Which results my main question: Why does it not register as a main thread, or how can I make it do so? I had a quick look over the documentation but could only see the multithreading reference.

This leads onto the problem in the actual code:

Line 252 in Log.cpp:

[code]void Log::HandleEndFrame(StringHash eventType, VariantMap& eventData)
{
MutexLock lock(logMutex_);

// Process messages accumulated from other threads (if any)
while (!threadMessages_.Empty())	
{
    const StoredLogMessage& stored = threadMessages_.Front();
    
    if (stored.level_ != LOG_RAW)
        Write(stored.level_, stored.message_);
    else
        WriteRaw(stored.message_, stored.error_);
    
    threadMessages_.PopFront();
}

}[/code]
This obviously pops off one message each time, decrementing the total - fair enough.

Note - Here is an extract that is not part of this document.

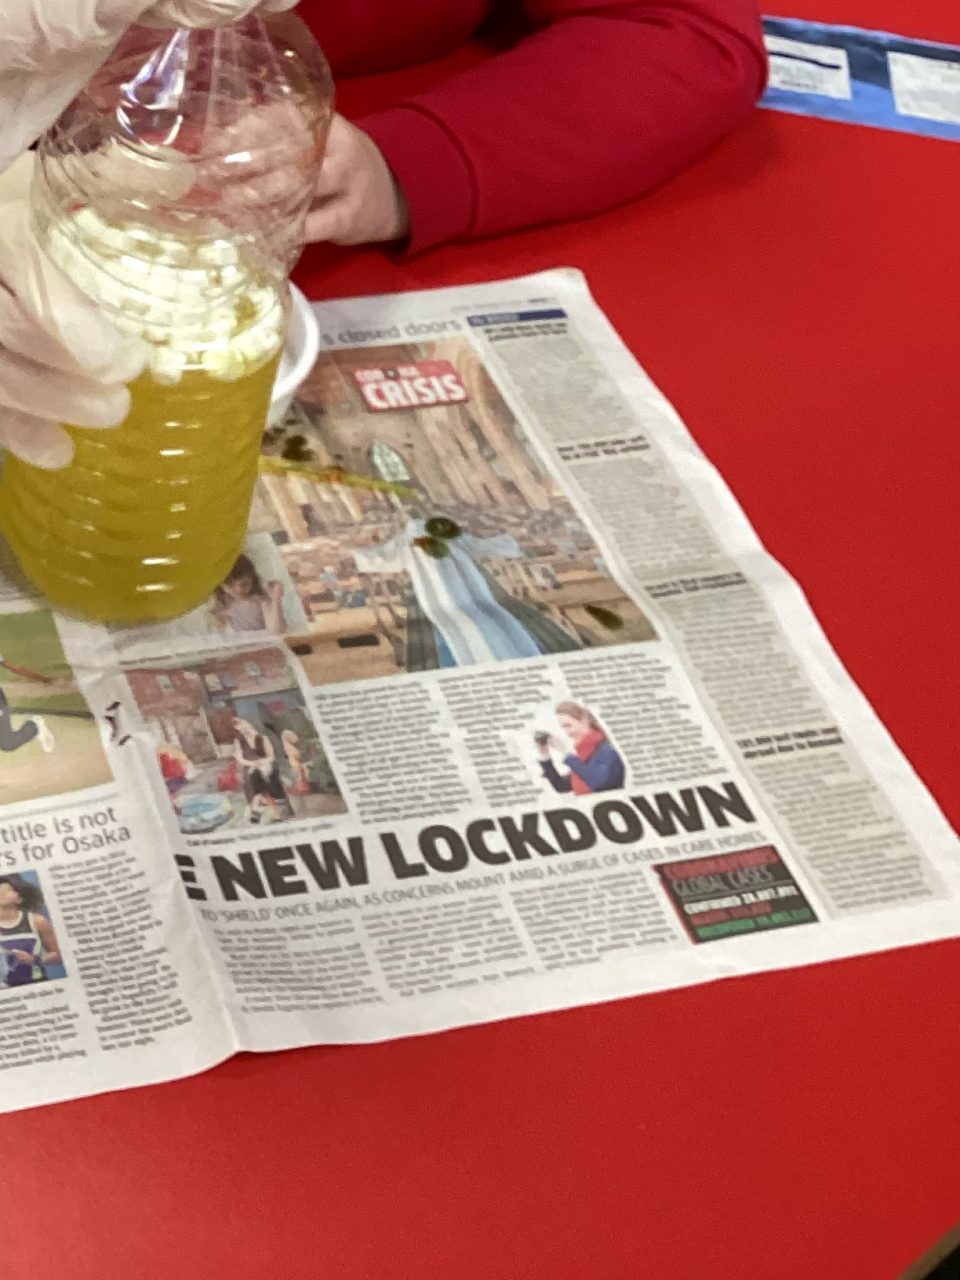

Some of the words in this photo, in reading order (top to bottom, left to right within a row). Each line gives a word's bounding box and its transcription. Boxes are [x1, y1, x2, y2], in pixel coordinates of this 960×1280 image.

The problem is in the called Log::Write, line 132:

[code]void Log::Write(int level, const String& message)
{
assert(level >= LOG_DEBUG && level < LOG_NONE);

// If not in the main thread, store message for later processing
if (!Thread::IsMainThread())
{
    if (logInstance)
    {
        MutexLock lock(logInstance->logMutex_);
        logInstance->threadMessages_.Push(StoredLogMessage(message, level, false));
    }
    
    return;
}
...[/code]

If it’s not the main thread, and logInstance is valid, the log entry gets pushed back onto the list. This results in the endless loop I was encountering. I’m only getting this due to the incorrect main thread assignment (which I’d appreciate for how to fix!), but it’s clearly possible to result in the endless loop in other situations.

Stymgade

Ok, after much debugging I found the issue: crossing DLL boundaries.

It seems the second it entered any function within the DLL, the mainThreadID was 0, hence triggering the invalid main thread - despite the fact the same compiler was used for all projects, and to compile the engine itself. The answers here provide a decent explanation: http://stackoverflow.com/questions/22797418/how-do-i-safely-pass-objects-especially-stl-objects-to-and-from-a-dll.

Luckily, I have no real need to have it in a separate DLL, so I’ve just converted the project to a static library and am linking to it with the main exe as a workaround.

The potential for the endless loop still exists however, so I’ll add it to the issue tracker separately.